(Dataset entries)
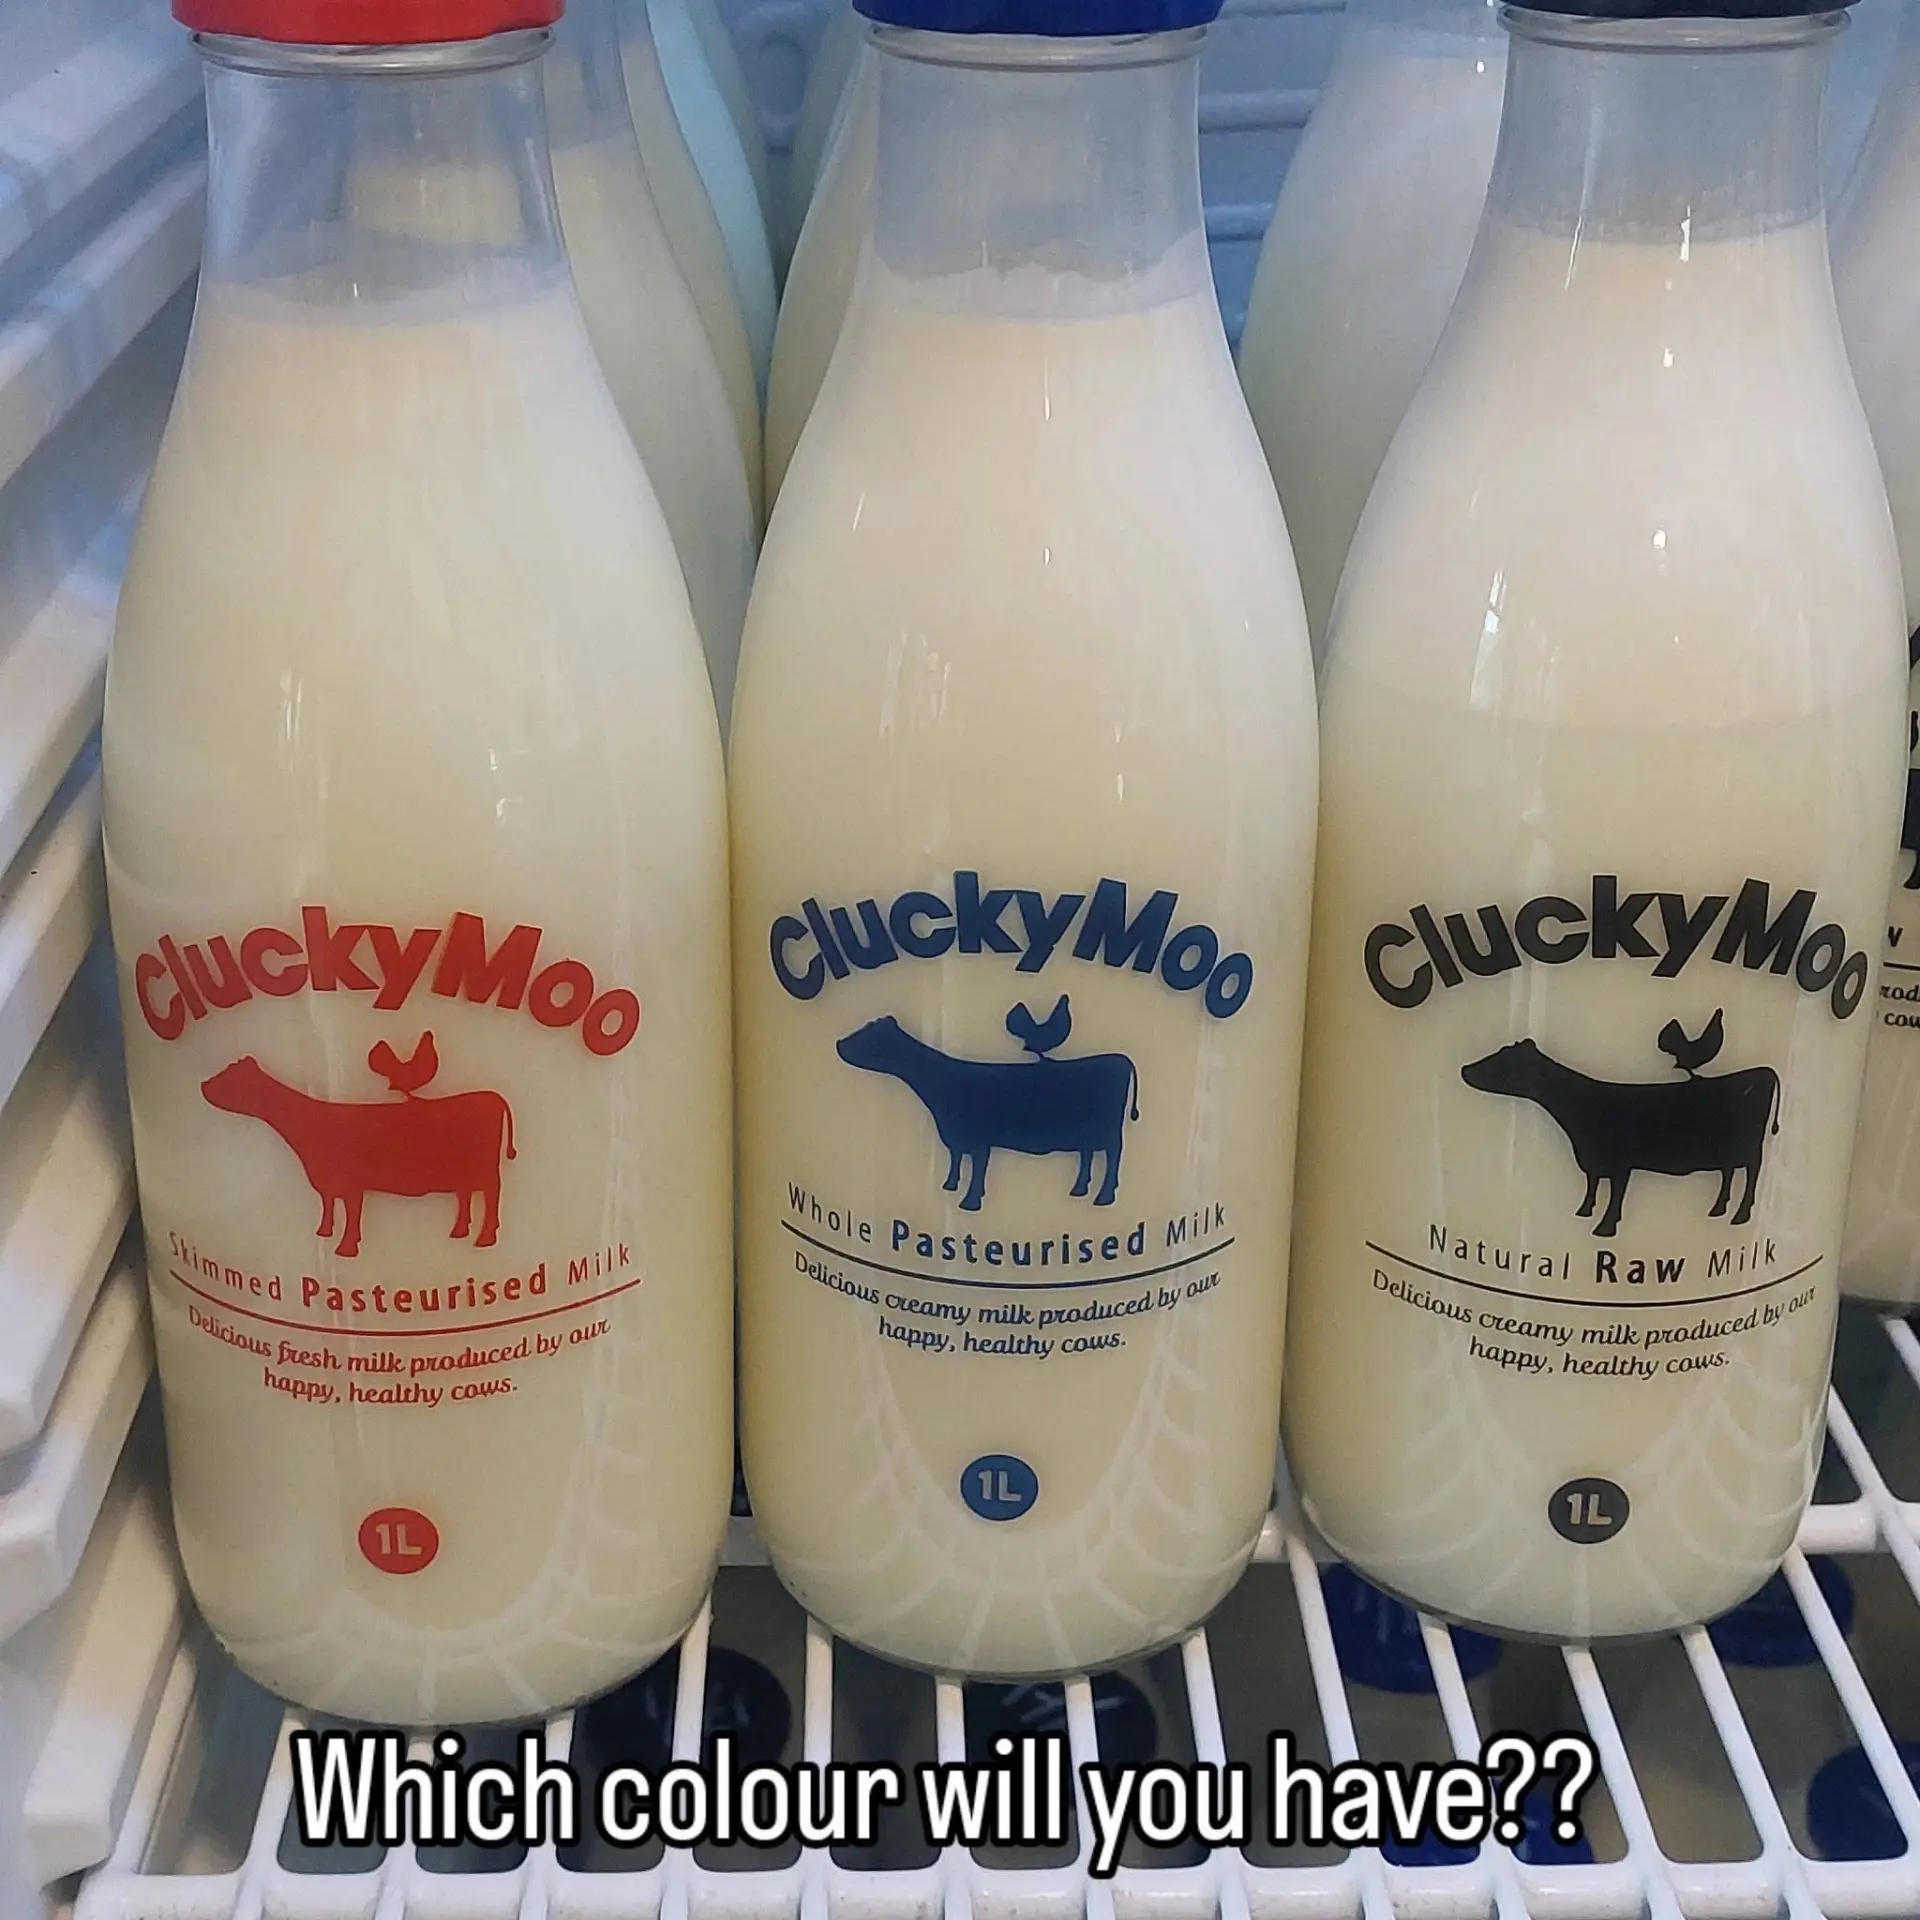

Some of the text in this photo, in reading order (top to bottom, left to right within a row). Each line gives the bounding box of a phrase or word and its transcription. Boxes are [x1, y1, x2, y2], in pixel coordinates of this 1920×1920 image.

[135, 906, 640, 1056] CluckyMoo
[770, 871, 1253, 1018] CluckyMoo
[1364, 875, 1868, 1019] CluckyMoo
[788, 1181, 1225, 1266] Whole Pasteurised Milk
[1429, 1224, 1776, 1284] Natural Raw Milk
[169, 1231, 630, 1313] Skimmed Pasteurised Milk
[795, 1250, 1220, 1330] Delicious creamy milk produced by our
[1372, 1268, 1816, 1350] Delicious creamy milk produced by our
[189, 1304, 611, 1378] Delicious fresh milk produced by our
[879, 1315, 1127, 1360] happy, healthy cows.
[1468, 1335, 1731, 1381] happy, healthy cows.
[264, 1366, 518, 1408] happy, healthy cows.
[978, 1470, 1022, 1502] 1L
[1567, 1493, 1612, 1525] 1L
[375, 1523, 422, 1555] 1L

=== DIRECTIONS ===
For every line above, produce an exact transcription that omits the images.

=== ANSWER TO THIS EXERCISE ===
Some of the text in this photo, in reading order (top to bottom, left to right within a row). Each line gives the bounding box of a phrase or word and its transcription. Boxes are [x1, y1, x2, y2], in pixel coordinates of this 1920×1920 image.

[135, 906, 640, 1056] CluckyMoo
[770, 871, 1253, 1018] CluckyMoo
[1364, 875, 1868, 1019] CluckyMoo
[788, 1181, 1225, 1266] Whole Pasteurised Milk
[1429, 1224, 1776, 1284] Natural Raw Milk
[169, 1231, 630, 1313] Skimmed Pasteurised Milk
[795, 1250, 1220, 1330] Delicious creamy milk produced by our
[1372, 1268, 1816, 1350] Delicious creamy milk produced by our
[189, 1304, 611, 1378] Delicious fresh milk produced by our
[879, 1315, 1127, 1360] happy, healthy cows.
[1468, 1335, 1731, 1381] happy, healthy cows.
[264, 1366, 518, 1408] happy, healthy cows.
[978, 1470, 1022, 1502] 1L
[1567, 1493, 1612, 1525] 1L
[375, 1523, 422, 1555] 1L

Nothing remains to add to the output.